Jet Lag: How To Get Over It

In a few weeks we will begin our trip to China and Mongolia by suffering through a 14 hour flight from Atlanta to Tokyo. As much as we are looking forward to this grand adventure, we’re really dreading the long flight. Sometimes the worst part is having a layover in an unfamiliar airport between two long flights (Tokyo, in our case). You’re exhausted and just want to sleep, but all you can do is sit and wait, trying to keep yourself awake. Finally, once you arrive at your destination, you want to have the energy to explore your new surroundings. However, your internal clock will soon overcome any adrenaline rush, forcing you to retire to your new hotel.

Yes, jet lag really sucks.

Some say that it takes an entire day to adjust for each timezone that you cross on your flight. That could be up to 12 days if you’re traveling to the opposite side of the world. Who has time for that? It’s different for everyone, though, as some adjust faster than others. Younger travelers, or those that exercise often, are said to adjust faster.

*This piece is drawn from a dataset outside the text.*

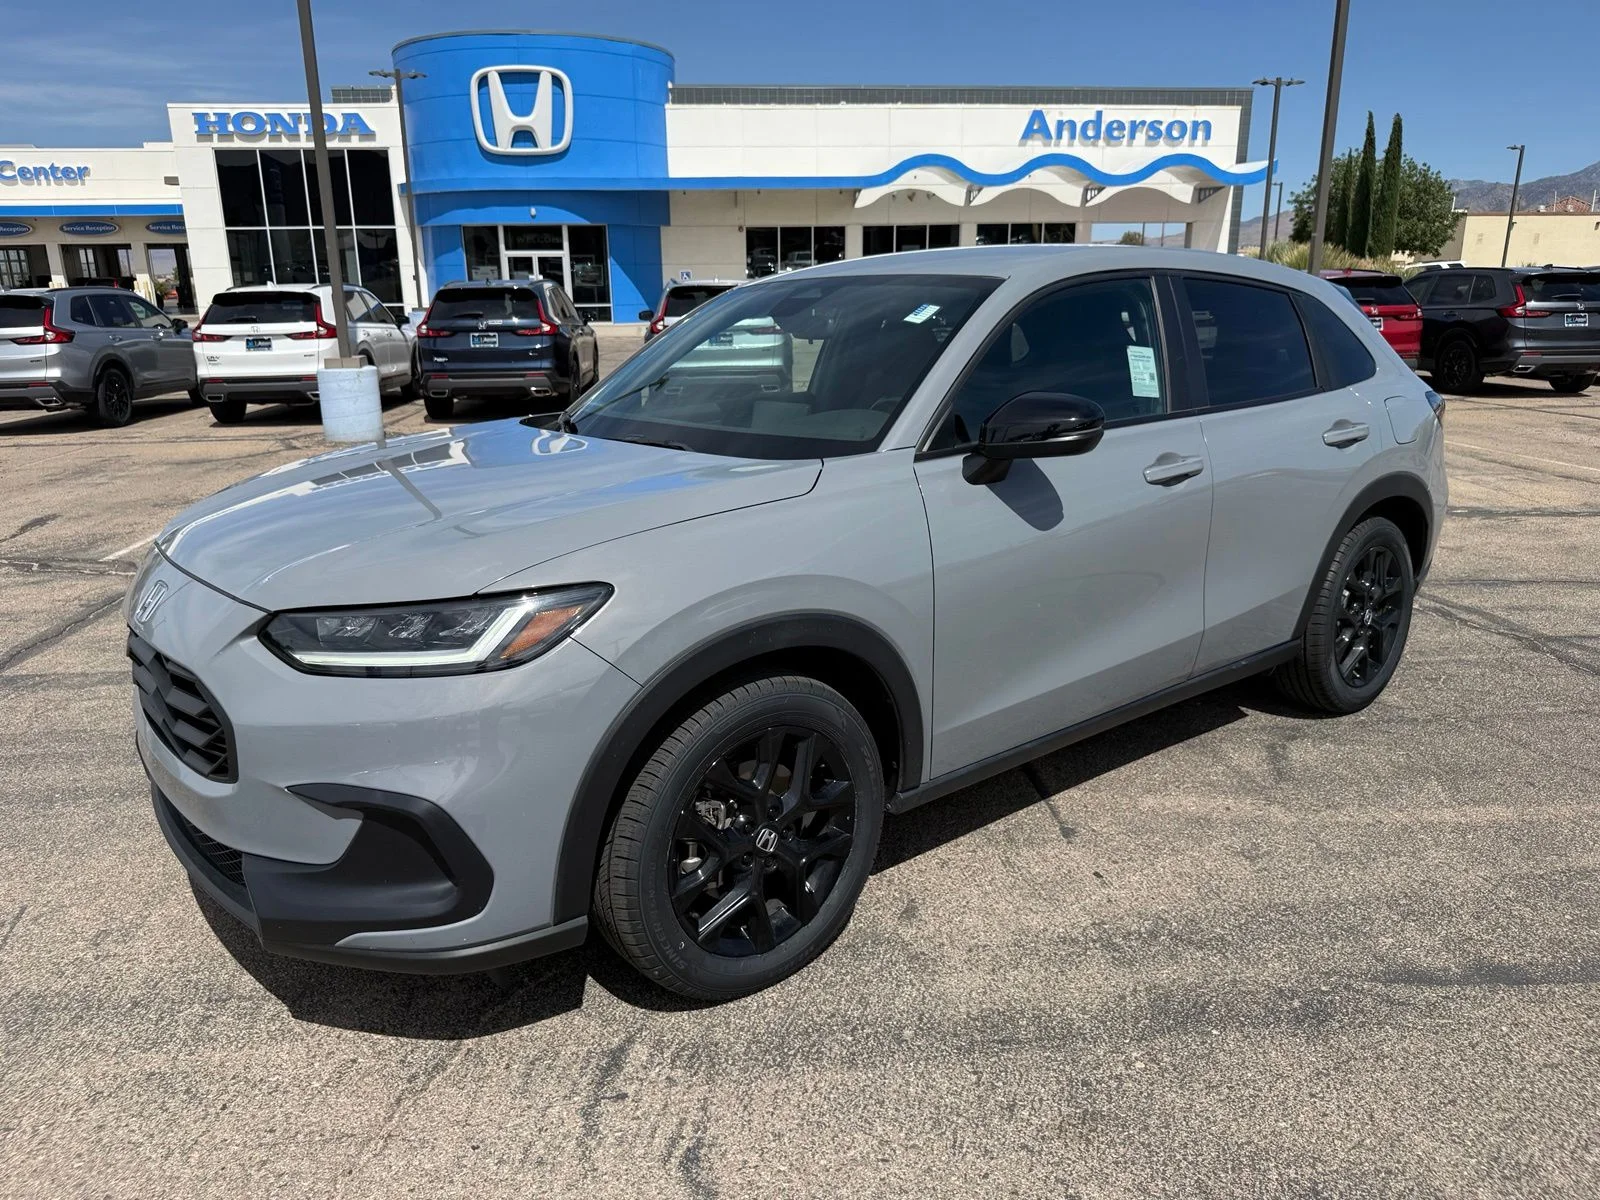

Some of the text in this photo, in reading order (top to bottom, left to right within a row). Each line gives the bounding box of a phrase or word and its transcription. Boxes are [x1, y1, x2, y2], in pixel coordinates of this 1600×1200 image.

[192, 111, 375, 136] HONDA
[1020, 109, 1213, 142] Anderson
[0, 159, 89, 181] Center
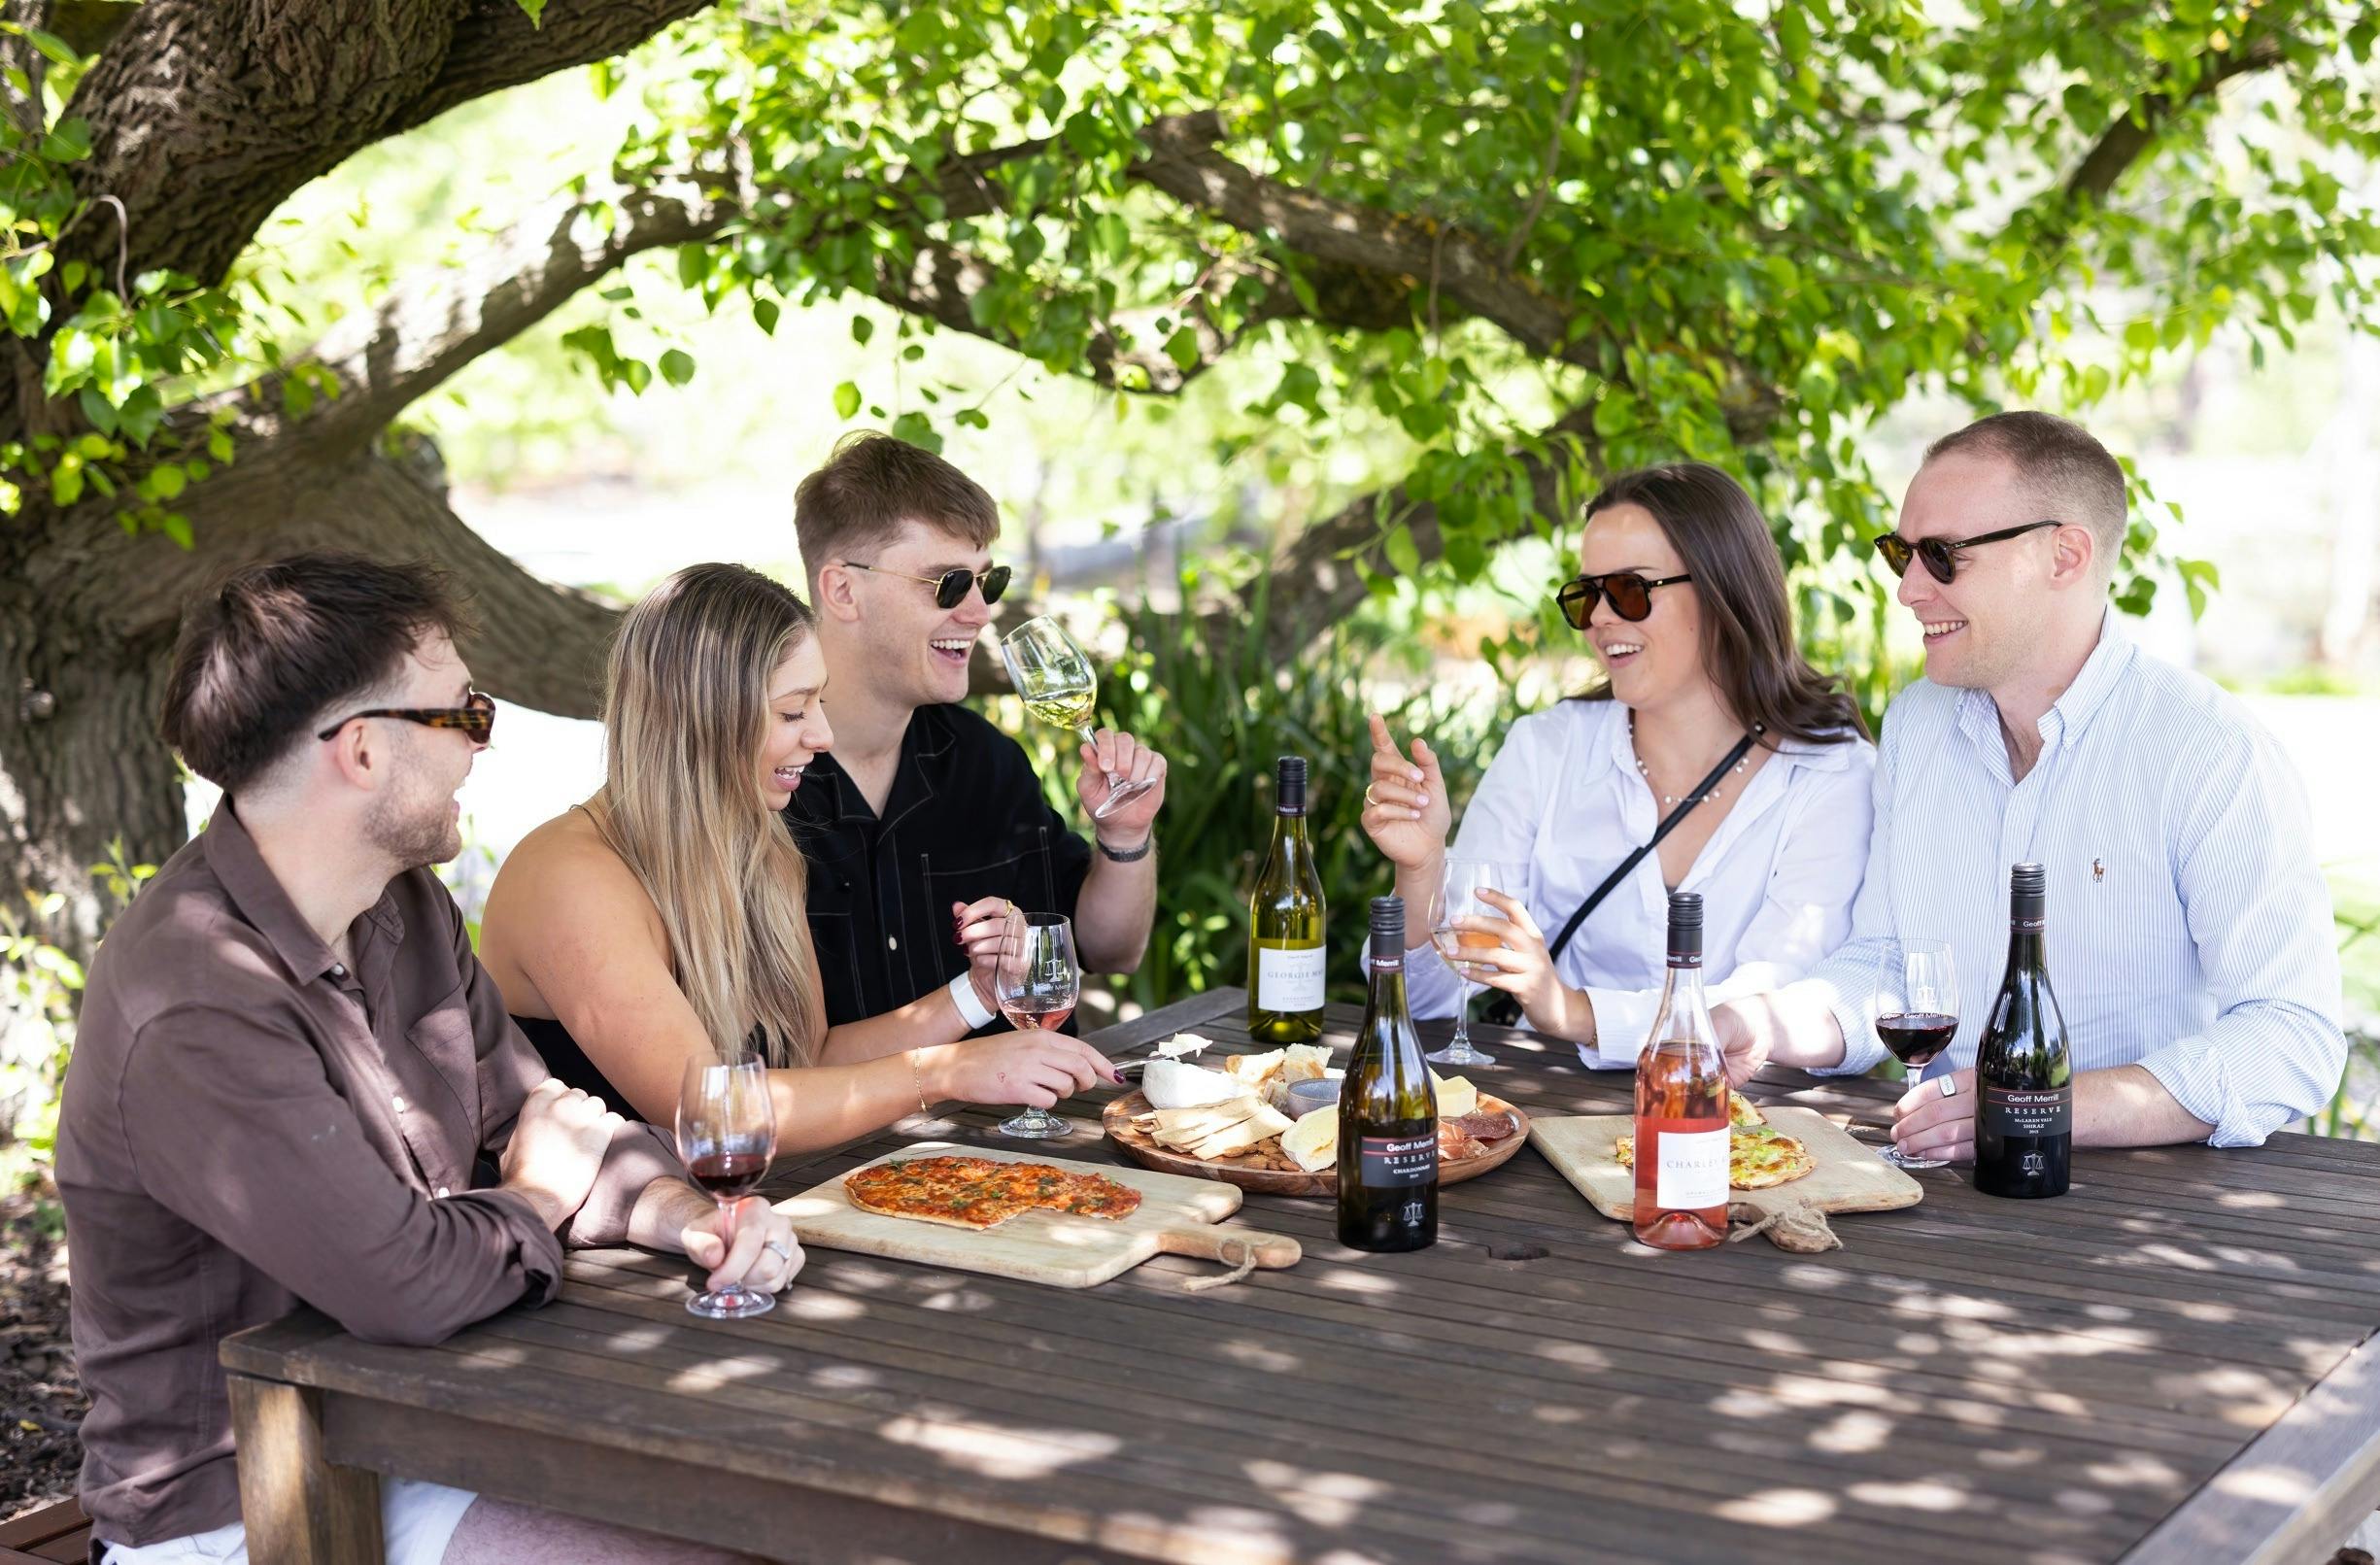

Whatever your specific situation, here are some tips to help you adjust to jet lag faster and prepare for your long flight.

  • Try to sleep on the plane according to the schedule of your destination instead of when you feel tired. Sleeping on a plane can be extremely challenging for many people. However, staying awake during the flight can actually help to reset your internal clock so that you can adjust faster when you arrive.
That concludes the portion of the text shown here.